ADOPTION OF NEW ACCOUNTING STANDARDS
IFRS 16, Leases
The extension of the amendments to IFRS 16, Leases regarding COVID-19-Related Rent Concessions, to include rent concessions for which reduction in lease payments due on or before June 30, 2022, did not have a material impact on the Company's consolidated financial statements.
ANTICIPATED CHANGES TO INTERNATIONAL FINANCIAL REPORTING STANDARDS
The Company does not expect that any new or amended standards or interpretations that are effective for annual periods beginning on or after January 1, 2022, including amendments to IAS 16, Property Plant, and Equipment, regarding the accounting for proceeds before intended use, and amendments to IAS 37, Provisions, Contingent Liabilities and Contingent Assets, regarding the inclusion of all costs of fulfilling an onerous contract, will have a significant impact on the Company’s results of operations or financial position.

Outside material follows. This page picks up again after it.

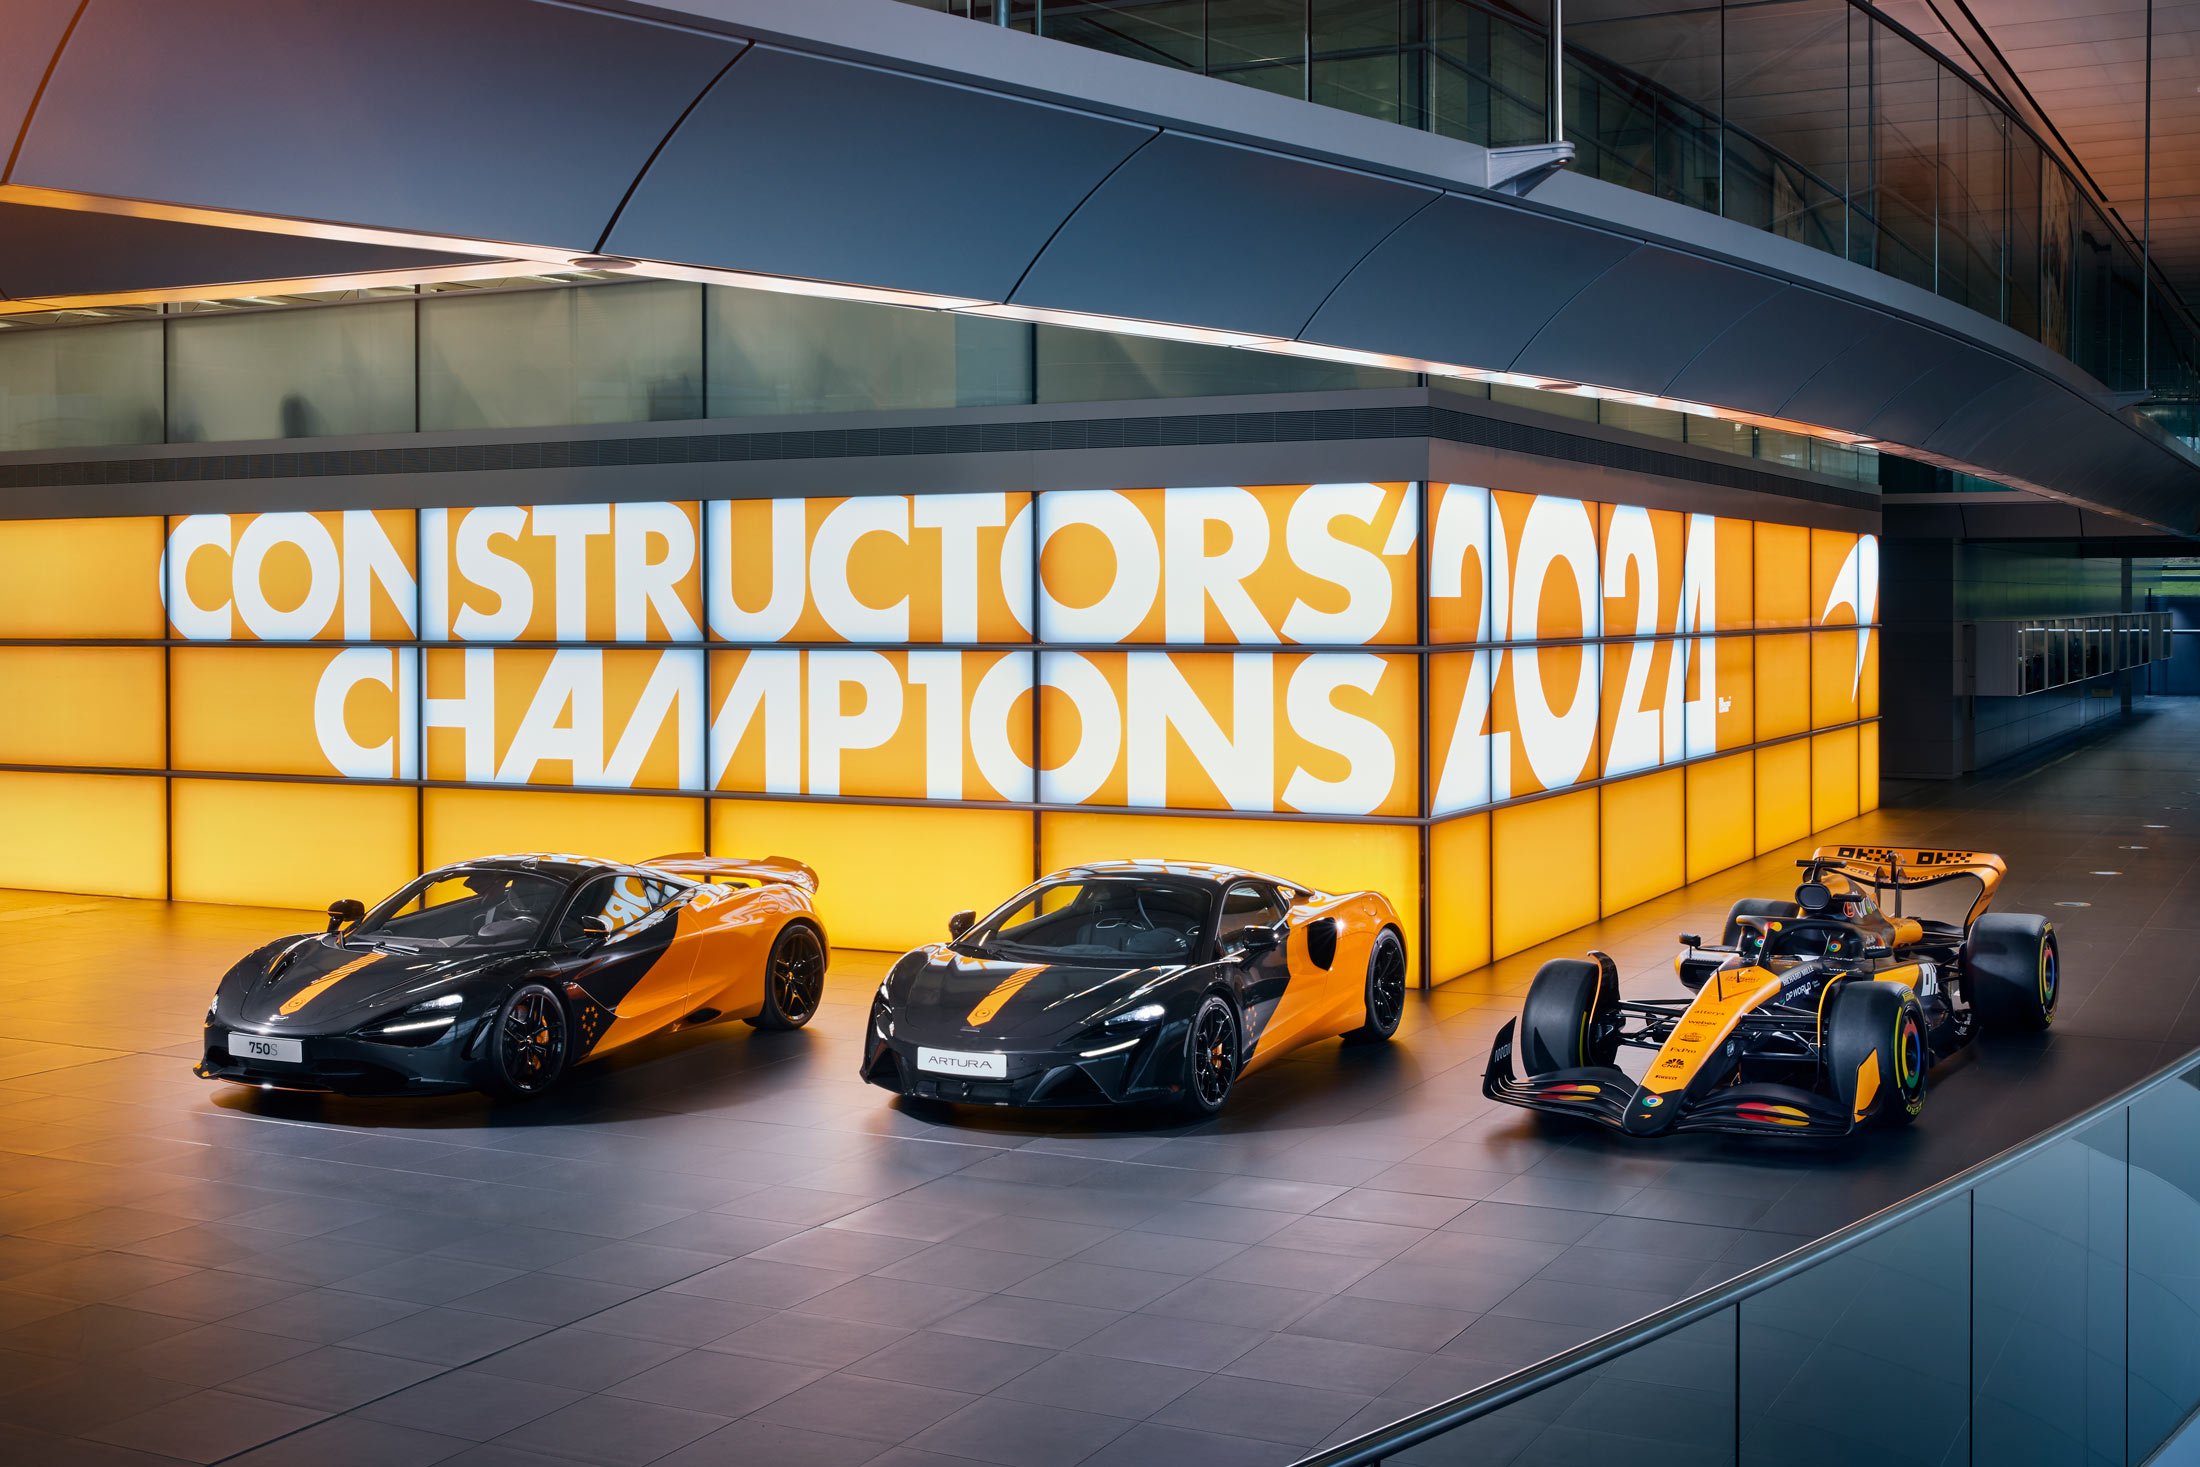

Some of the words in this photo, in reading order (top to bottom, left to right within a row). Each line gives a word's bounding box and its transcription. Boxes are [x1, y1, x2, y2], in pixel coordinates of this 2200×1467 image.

The Company does not expect that new standards or amended standards or interpretations that are effective for annual periods beginning on or after January 1, 2023, to have a significant impact on the Company's results of operations or financial position.
NON-GAAP MEASURES
In addition to providing measures prepared in accordance with IFRS, we present certain supplemental measures that are not defined terms under IFRS (non-GAAP measures or ratios). These are Adjusted EBITDA, Adjusted net income (loss), Adjusted net income (loss) per common share, Adjusted revenue, Average realized price, Adjusted net income (loss) before income tax, Adjusted income tax expense/recovery, and Adjusted effective tax rate. These non-GAAP financial measures and ratios reflect our 63.1% economic interest in the Atlas facility and our 50% economic interest in the Egypt facility, and are useful as they are a better measure of our underlying performance and assist in assessing the operating performance of the Company’s business. These measures, at our share of our facilities, are a better measure of our underlying performance, as we fully run the operations on our partners' behalf, despite having less than full share of the economic interest. Adjusted EBITDA is also frequently used by securities analysts and investors when comparing our results with those of other companies.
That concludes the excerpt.